Work task
All of the records should be reproduced word for word, but no images may appear in the copy.

═══ Data extracts ═══

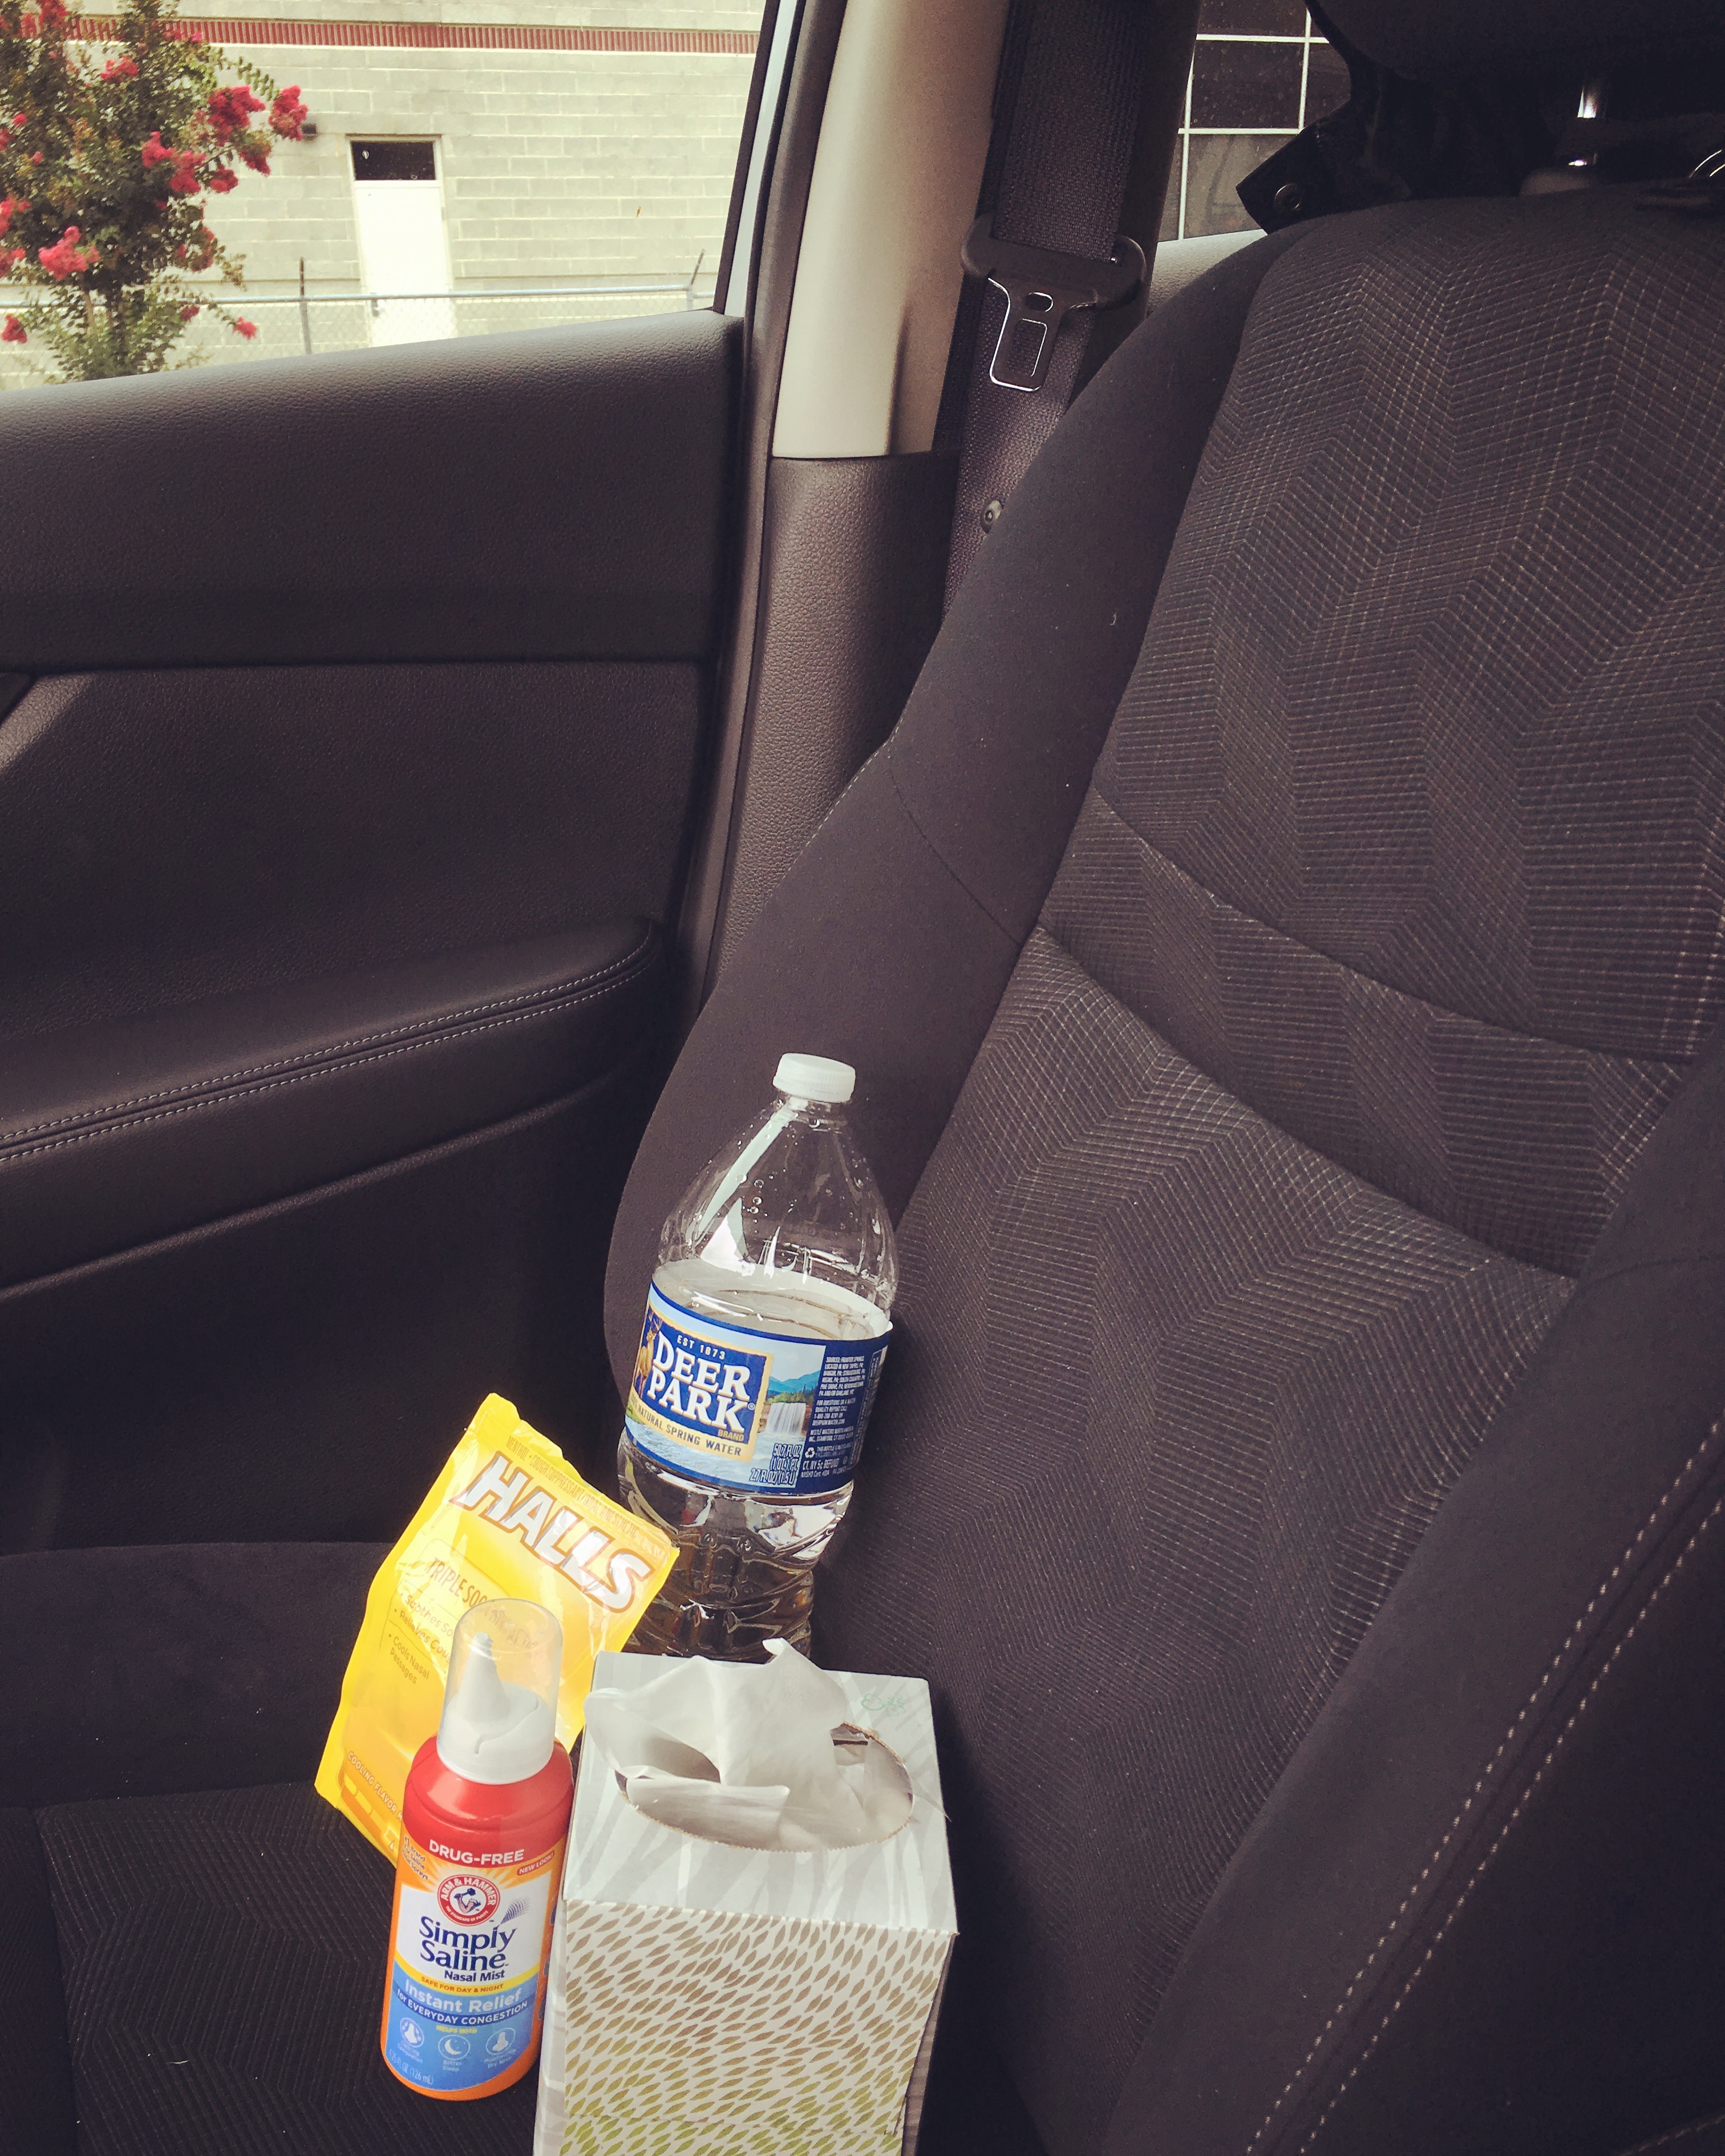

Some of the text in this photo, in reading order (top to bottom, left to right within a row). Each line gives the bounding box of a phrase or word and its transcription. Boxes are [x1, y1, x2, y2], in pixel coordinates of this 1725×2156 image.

[677, 1335, 726, 1360] EST 1873
[653, 1331, 750, 1401] DEER
[647, 1365, 748, 1433] PARK
[638, 1405, 663, 1430] NATURAL
[666, 1424, 701, 1445] SPRING
[705, 1439, 742, 1456] WATER
[718, 1429, 744, 1441] BRAND
[505, 1436, 529, 1461] MENTHOL
[529, 1454, 549, 1475] COUGH
[450, 1450, 655, 1613] HALLS
[426, 1557, 467, 1598] TRIPLE
[400, 1610, 430, 1643] Relieves
[406, 1595, 439, 1628] Soothes
[390, 1647, 417, 1684] Passages
[393, 1635, 430, 1680] Cools Nasal
[348, 1752, 397, 1813] COOLING FLAVOR
[430, 1839, 524, 1865] DRUG-FREE
[519, 1852, 554, 1874] NEW LOOK!
[440, 1877, 496, 1906] ARM & HAMMER
[419, 1916, 517, 1955] Simply
[420, 1940, 507, 1971] Saline
[421, 1976, 438, 1988] SAFE
[440, 1983, 455, 1992] FOR
[480, 1983, 504, 1992] NIGHT
[444, 1969, 505, 1982] Nasal Mist
[397, 1989, 528, 2025] for EVERYDAY CONGESTION
[405, 1979, 522, 2013] Instant Relief
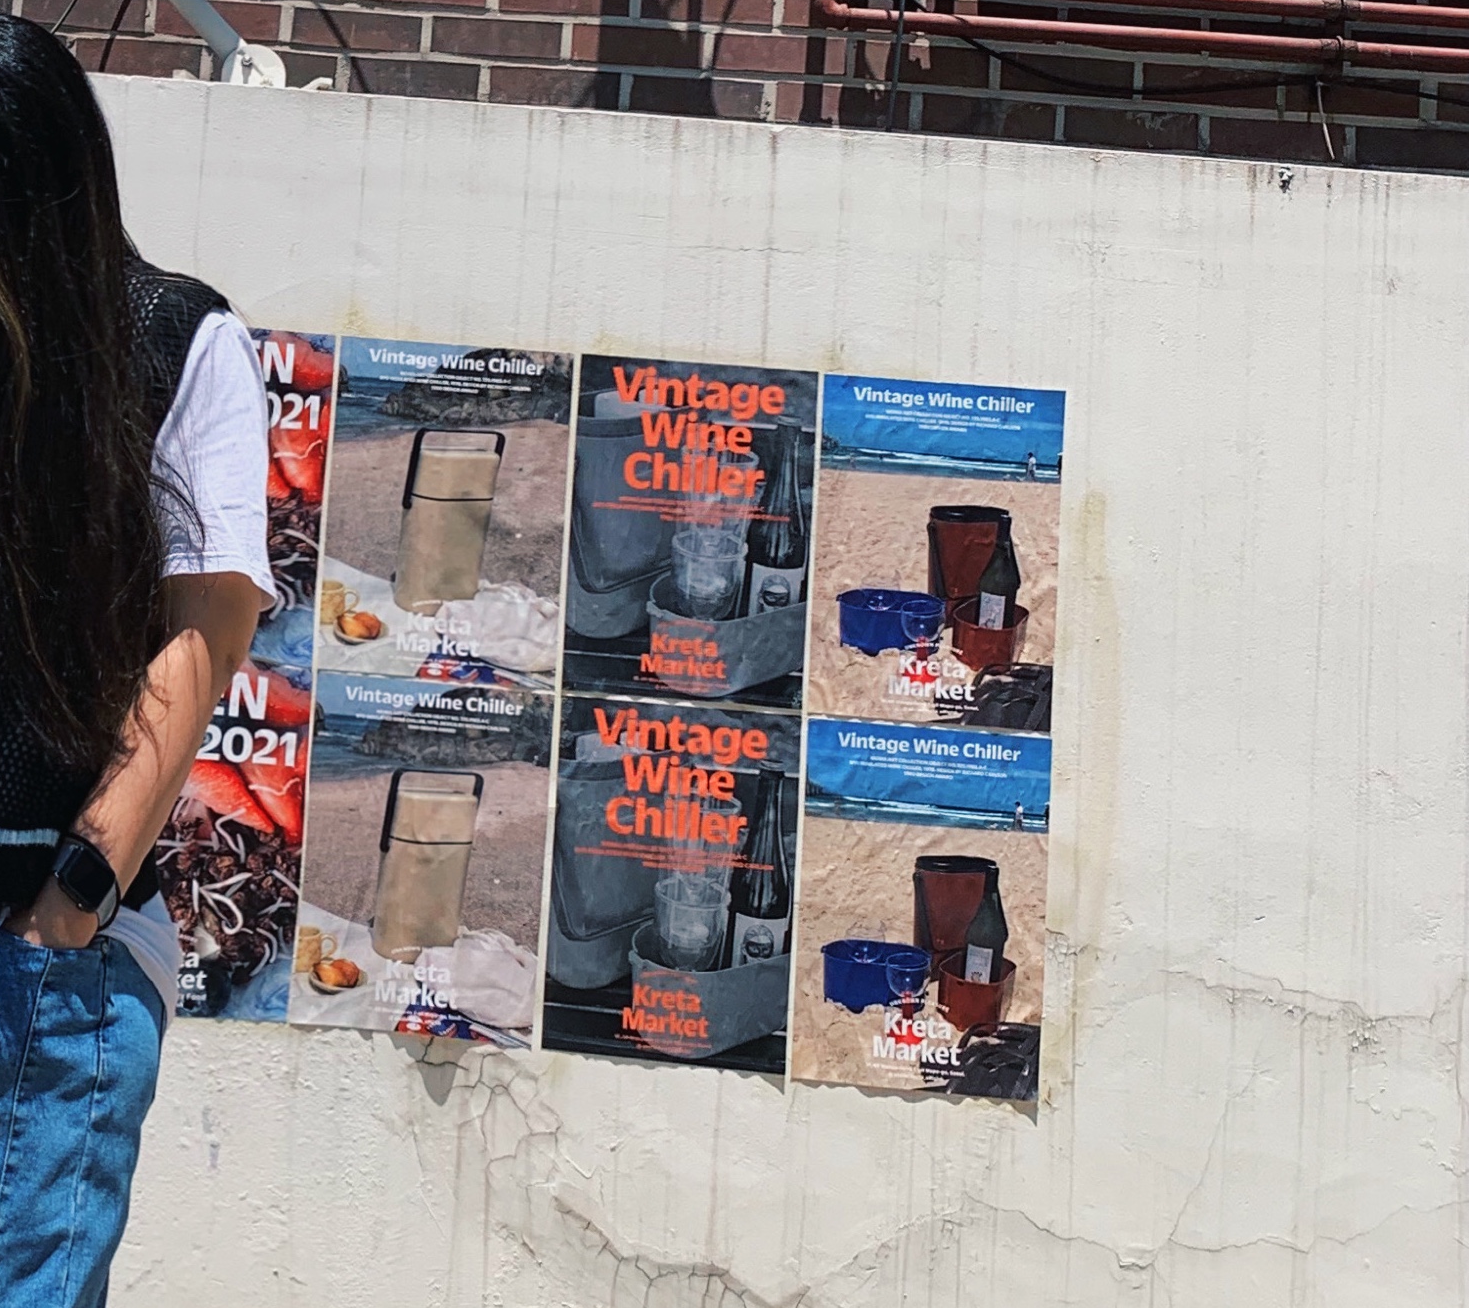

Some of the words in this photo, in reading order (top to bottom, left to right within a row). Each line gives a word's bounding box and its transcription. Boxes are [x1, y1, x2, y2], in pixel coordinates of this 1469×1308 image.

[369, 348, 438, 368] Vintage
[441, 354, 485, 372] Wine
[488, 358, 545, 376] Chiller
[268, 392, 320, 430] 21
[612, 366, 786, 425] Vintage
[853, 386, 924, 407] Vintage
[928, 392, 973, 409] Wine
[976, 396, 1035, 414] Chiller
[641, 411, 752, 455] Wine
[623, 452, 765, 497] Chiller
[407, 612, 472, 636] Kreta
[396, 632, 480, 658] Market
[652, 632, 718, 657] Kreta
[640, 653, 727, 679] Market
[899, 655, 966, 679] Kreta
[345, 685, 415, 707] Vintage
[418, 692, 463, 711] Wine
[465, 696, 524, 716] Chiller
[888, 674, 976, 702] Market
[195, 724, 297, 767] 2021
[593, 707, 768, 769] Vintage
[838, 731, 909, 754] Vintage
[913, 738, 960, 757] Wine
[963, 743, 1021, 762] Chiller
[622, 755, 735, 801] Wine
[605, 796, 748, 846] Chiller
[385, 959, 451, 984] Kreta
[374, 980, 458, 1010] Market
[633, 982, 701, 1013] Kreta
[622, 1007, 709, 1038] Market
[884, 1012, 951, 1040] Kreta
[873, 1035, 962, 1066] Market

═══

Task result
Some of the text in this photo, in reading order (top to bottom, left to right within a row). Each line gives the bounding box of a phrase or word and its transcription. Boxes are [x1, y1, x2, y2], in pixel coordinates of this 1725×2156 image.

[677, 1335, 726, 1360] EST 1873
[653, 1331, 750, 1401] DEER
[647, 1365, 748, 1433] PARK
[638, 1405, 663, 1430] NATURAL
[666, 1424, 701, 1445] SPRING
[705, 1439, 742, 1456] WATER
[718, 1429, 744, 1441] BRAND
[505, 1436, 529, 1461] MENTHOL
[529, 1454, 549, 1475] COUGH
[450, 1450, 655, 1613] HALLS
[426, 1557, 467, 1598] TRIPLE
[400, 1610, 430, 1643] Relieves
[406, 1595, 439, 1628] Soothes
[390, 1647, 417, 1684] Passages
[393, 1635, 430, 1680] Cools Nasal
[348, 1752, 397, 1813] COOLING FLAVOR
[430, 1839, 524, 1865] DRUG-FREE
[519, 1852, 554, 1874] NEW LOOK!
[440, 1877, 496, 1906] ARM & HAMMER
[419, 1916, 517, 1955] Simply
[420, 1940, 507, 1971] Saline
[421, 1976, 438, 1988] SAFE
[440, 1983, 455, 1992] FOR
[480, 1983, 504, 1992] NIGHT
[444, 1969, 505, 1982] Nasal Mist
[397, 1989, 528, 2025] for EVERYDAY CONGESTION
[405, 1979, 522, 2013] Instant Relief

Some of the words in this photo, in reading order (top to bottom, left to right within a row). Each line gives a word's bounding box and its transcription. Boxes are [x1, y1, x2, y2], in pixel coordinates of this 1469×1308 image.

[369, 348, 438, 368] Vintage
[441, 354, 485, 372] Wine
[488, 358, 545, 376] Chiller
[268, 392, 320, 430] 21
[612, 366, 786, 425] Vintage
[853, 386, 924, 407] Vintage
[928, 392, 973, 409] Wine
[976, 396, 1035, 414] Chiller
[641, 411, 752, 455] Wine
[623, 452, 765, 497] Chiller
[407, 612, 472, 636] Kreta
[396, 632, 480, 658] Market
[652, 632, 718, 657] Kreta
[640, 653, 727, 679] Market
[899, 655, 966, 679] Kreta
[345, 685, 415, 707] Vintage
[418, 692, 463, 711] Wine
[465, 696, 524, 716] Chiller
[888, 674, 976, 702] Market
[195, 724, 297, 767] 2021
[593, 707, 768, 769] Vintage
[838, 731, 909, 754] Vintage
[913, 738, 960, 757] Wine
[963, 743, 1021, 762] Chiller
[622, 755, 735, 801] Wine
[605, 796, 748, 846] Chiller
[385, 959, 451, 984] Kreta
[374, 980, 458, 1010] Market
[633, 982, 701, 1013] Kreta
[622, 1007, 709, 1038] Market
[884, 1012, 951, 1040] Kreta
[873, 1035, 962, 1066] Market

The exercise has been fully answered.